Building on a Partnership that Fed a Nation
During the pandemic, we saw how farmers, food companies and retailers came together with food banks to connect nutritious food with families in need. It was a partnership that relied on creativity, flexibility, and farmers’ deep-seated belief in helping their neighbors, to aid the Feeding America network in providing 6.6 billion meals to people facing hunger. We now have a chance to reflect and build on those innovations in the 2023 Farm Bill.
Making the Most of the Farm Bill for Families Facing Hunger
For decades, the farm bill has created pathways for farmers to take the nutritious food they grow and provide it to individuals and families facing hunger. Farmers Feed America—a coalition of farmers, food companies, food retailers and anti-hunger organizations—is focused on strengthening those pathways and the trusted partnerships between farmers and food banks. Through shared principles on farm bill reauthorization, we are working to bolster our nation’s food resilience, meet the continued needs of communities, and enhance markets for farmers and ranchers.
Our Collective Focus
Farmers Feed America is working today to tackle the challenges of tomorrow by focusing on the following priorities in farm bill reauthorization:
- Farmers are proud to feed people across our country. The farm bill is best when it includes funding for both agriculture and nutrition. We urge Congress to continue this balance.
The farm bill represents a historic alliance between the interests of the nation’s agricultural growers and producers and hunger-relief advocates. The legislation is designed to connect agricultural supply with demand. The farm bill strengthens our nation’s food security best when it both supports farmers and reduces hunger.
- The programs that connect farmers to people facing hunger should be nimble, efficient and based on best practices. The farm bill should maintain the United States Department of Agriculture’s (USDA’s) flexible funding and authority to support U.S.-grown food through food purchases when the market is disrupted.
Since the 1930s, Congress and the USDA have used funding flexibility provided through Commodity Credit Corporation and Section 32 authority to support U.S.-grown agriculture products. The USDA has also used selective procurement to mitigate market disruption by connecting people facing hunger with excess farm production.

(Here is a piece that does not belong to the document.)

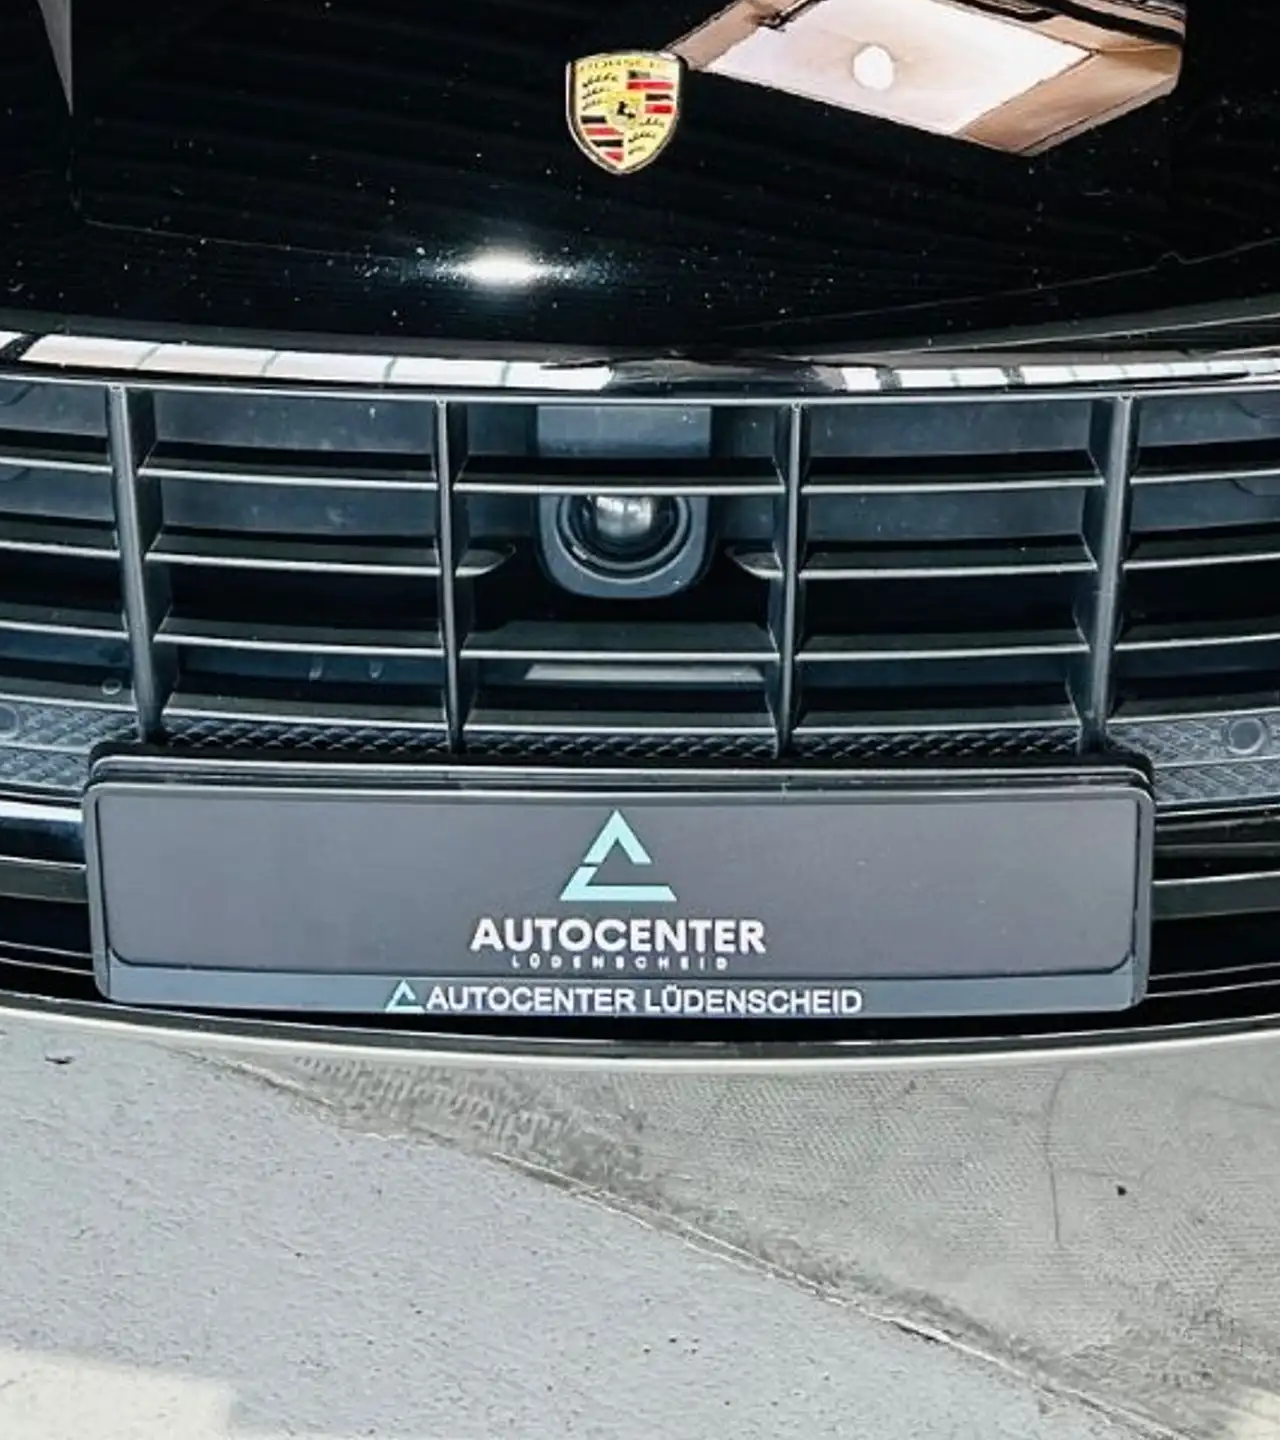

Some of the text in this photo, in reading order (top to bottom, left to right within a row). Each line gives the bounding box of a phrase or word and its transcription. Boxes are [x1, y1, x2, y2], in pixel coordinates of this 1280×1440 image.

[469, 917, 768, 954] AUTOCENTER
[425, 983, 864, 1015] AUTOCENTER LÜDENSCHEID

- In our nation of plenty, we should ensure farmers can connect to people seeking food assistance during tough times—The Emergency Food Assistance Program (TEFAP) does just that. The farm bill should strengthen TEFAP to help food banks keep up with the rising need for food assistance and food costs.
TEFAP serves multiple vital functions. The program provides a key market for domestic producers, a relief valve for farmers during times of oversupply, and free emergency food assistance for individuals and families with low incomes. Each year, TEFAP provides critically needed food assistance to millions of people.
- USDA should balance the need to act swiftly in making food purchases with the need for stakeholder engagement, particularly in the face of rapidly changing agriculture markets. Congress can ensure the USDA has the flexibility to adjust to supply chain fluctuations when purchasing food.
Members of the Farmers Feed America coalition learned the importance of flexibility during the pandemic and have worked to scale and adjust the food supply chain to respond to disruptions and increased demands for food.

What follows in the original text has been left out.